Daytime Functioning: Sleepiness, Fatigue, and Psychomotor Vigilance

Daytime functioning measures and the sleep diaries were self-administered using a Palm Zire 72 personal digital assistant (PDA) with a display screen that was 2.25 inches wide, had a 320×320 pixel resolution, and was operated with customized software (Bruner Consulting Co., Longmont, Colorado). Experience sampling method was used to record momentary behaviors as they occurred in daily life [19] because handheld computers are a more effective methodology for research than paper and pencil methods [20]. All PDA entries were time and date stamped as they occurred. The sleep diary entries could also be recorded retrospectively; these recordings were identified as retrospectively entered on the output.

Reliability and validity for the following measures have not been established specifically among postpartum women.

Sleepiness

Sleepiness is a state reflecting an increased drive for sleep when one intends to be awake [21] and was examined with the Stanford Sleepiness Scale (SSS). The scale is 1–7 and higher scores represent greater sleepiness [22]. Sleepiness was also examined with the Epworth Sleepiness Scale (ESS) [23]. This scale uses 8 brief real-life scenarios to measure the susceptibility of falling asleep on a respective scale of 0–3. Total scores range from 0–24 and higher scores represent greater sleepiness. The ESS was validated to reflect behaviors in the past month, but for the current study was used to reflect immediate state. The SSS and ESS have previously been used among samples of healthy postpartum women [24].

Fatigue

Fatigue is the subjective report of exhaustion and decreased capacity for both physical and/or mental activity [25]. Fatigue was examined with a 100-point Visual Analogue of Fatigue Scale (VAFS) [26] that was used to rate, “How tired/fatigued do you feel RIGHT NOW?” (0 = not at all tired/fatigued, 100 = very tired/fatigued). The VAFS display on the PDA had a stylus-movable anchor point that was initially presented in the middle of the scale; the anchor could be moved according to 1-point increments on the display.

Psychomotor Vigilance

Psychomotor vigilance is a valid index of performance impairment due to sleep loss [27] (for a review see Lim and Dinges [28]). The psychomotor vigilance test (PVT) used in the current study was self-administered using customized software (Bruner Consulting Co., Longmont, Colorado) on the PDA. This PVT is similar to a previously validated version of a Palm based PVT [29] and its use is supported by a study that validates PVT administrations that are <10 minutes in duration [30]. This PVT has been reported previously [31] as a simple reaction time task developed to measure sustained attention using a bull's-eye stimulus and has a 10 ms sensitivity resolution.
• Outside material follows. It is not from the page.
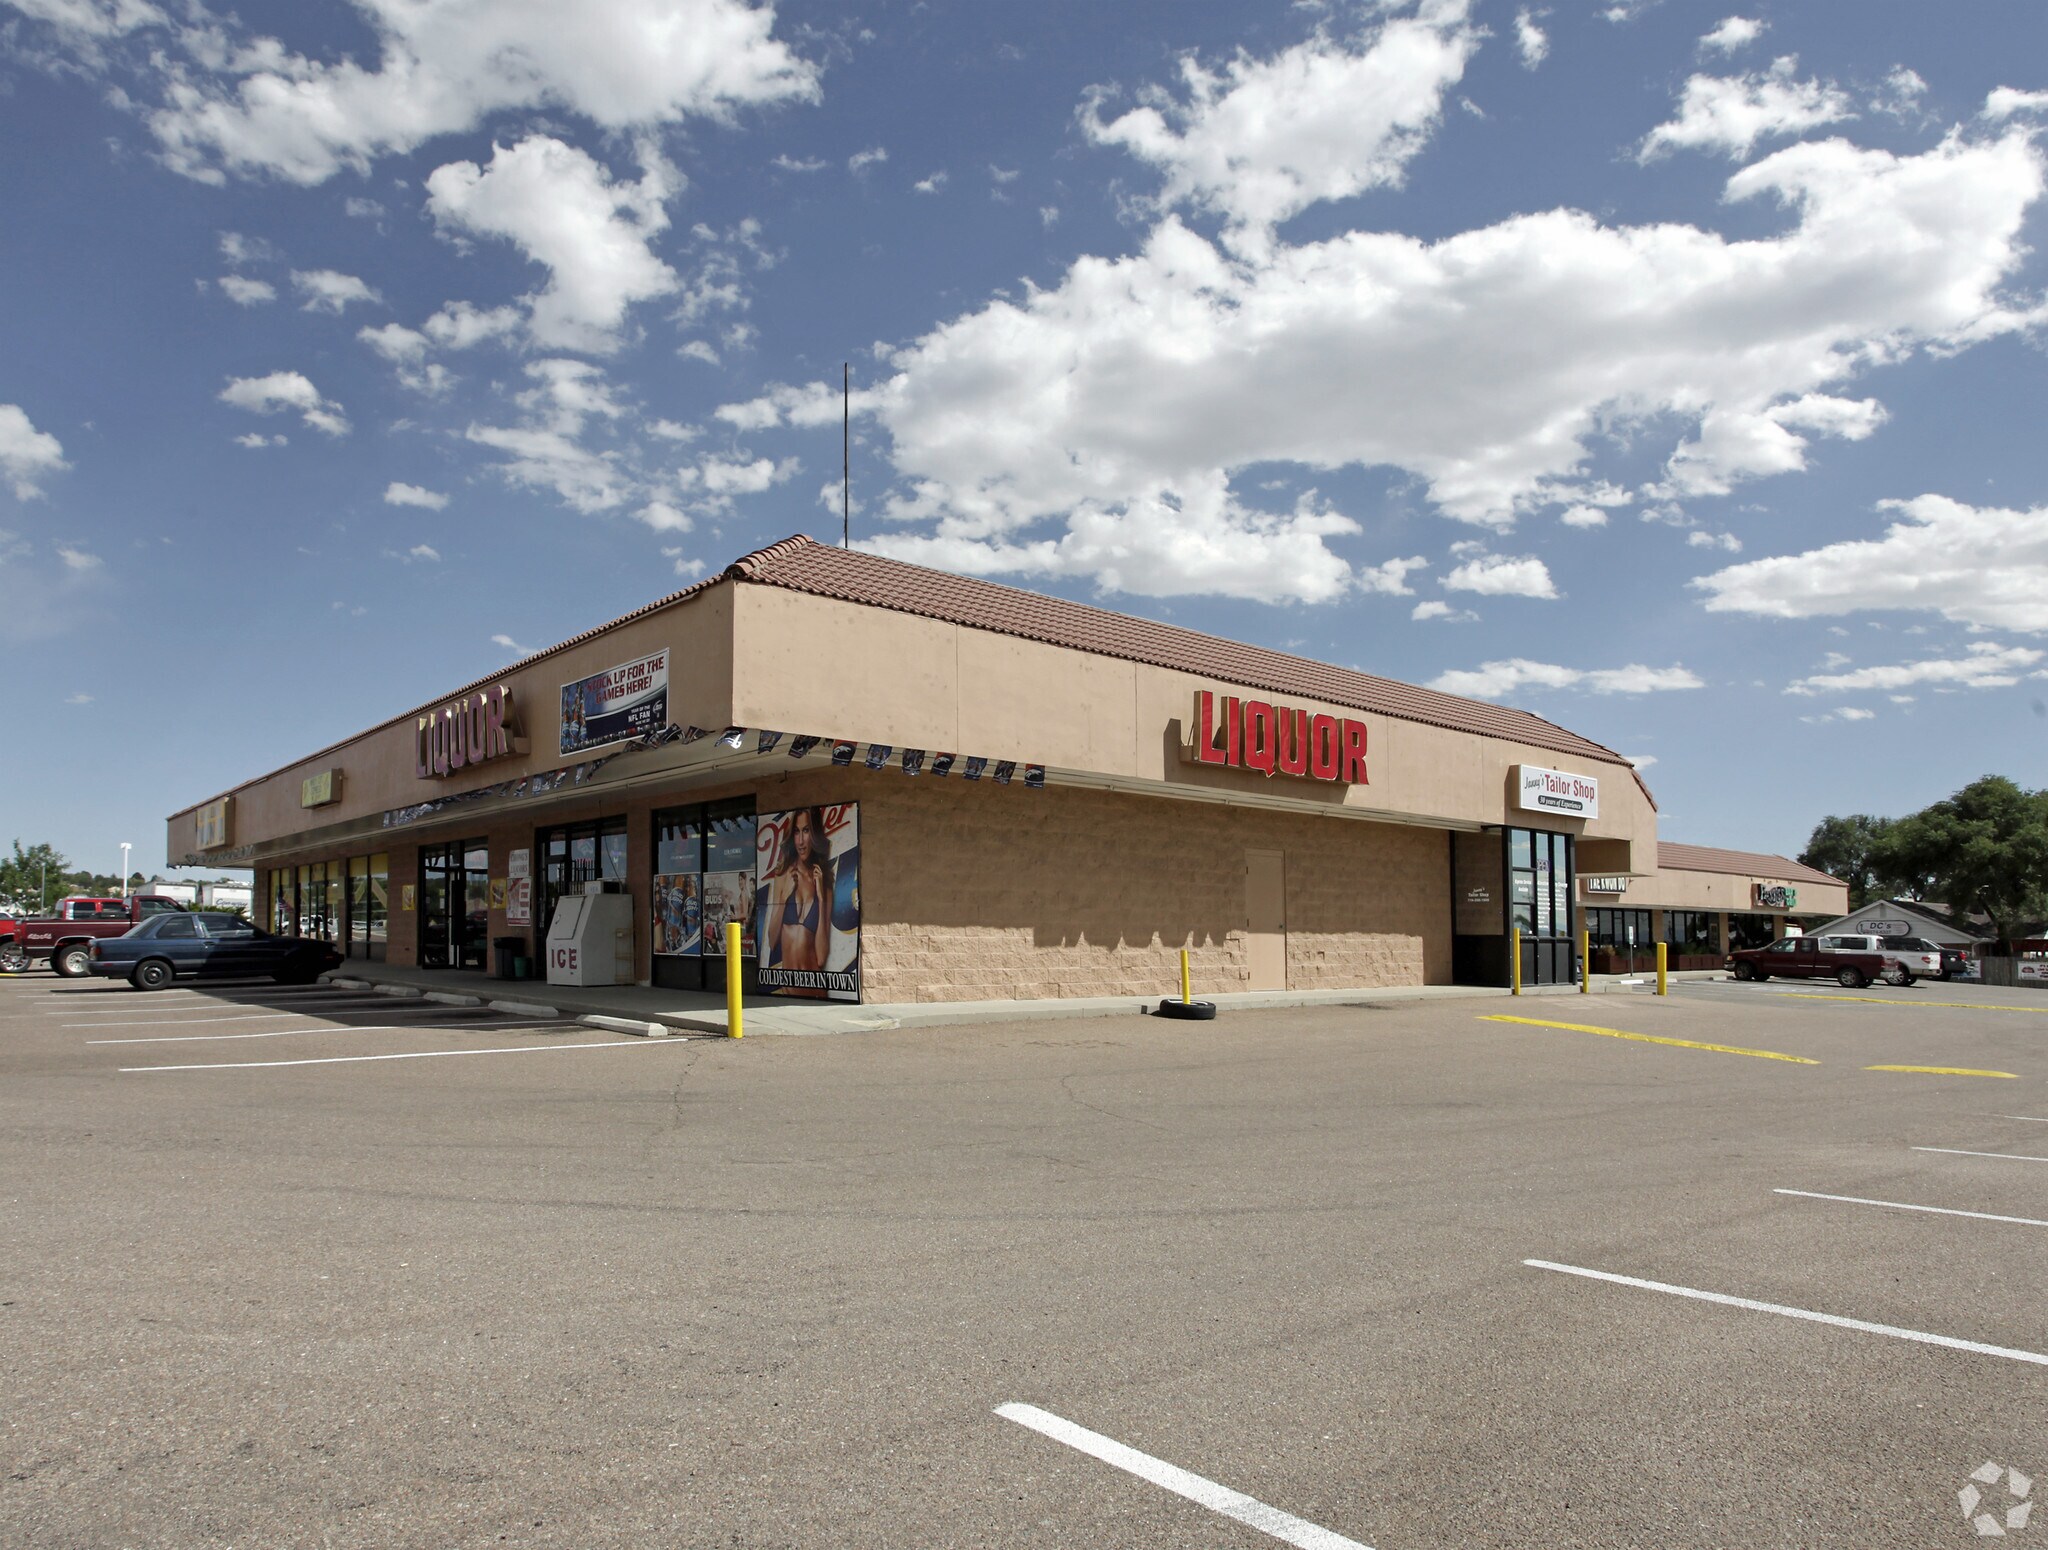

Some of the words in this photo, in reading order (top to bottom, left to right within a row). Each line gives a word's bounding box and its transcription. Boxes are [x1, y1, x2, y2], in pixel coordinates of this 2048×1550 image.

Each 5-minute trial consists of the presentation of approximately 39–56 stimuli at random interstimulus intervals. Lapses (reaction times ≥ 500 ms) can be calculated from reaction time trials and are associated with greater performance impairment [32]. Lapse frequency was calculated for each trial and was used as the index of psychomotor performance.

Perceived (Subjective) Sleep Estimates

Perceived sleep estimates were examined with three questions pertaining to sleep and sleep quality from the previous night: Participants were asked “How many times do you think you woke up last night?”, “Please indicate how long you were awake last night (total).”, and “Where 100 is fully rested, please indicate your quality of sleep:” (0 –100 visual analog scale).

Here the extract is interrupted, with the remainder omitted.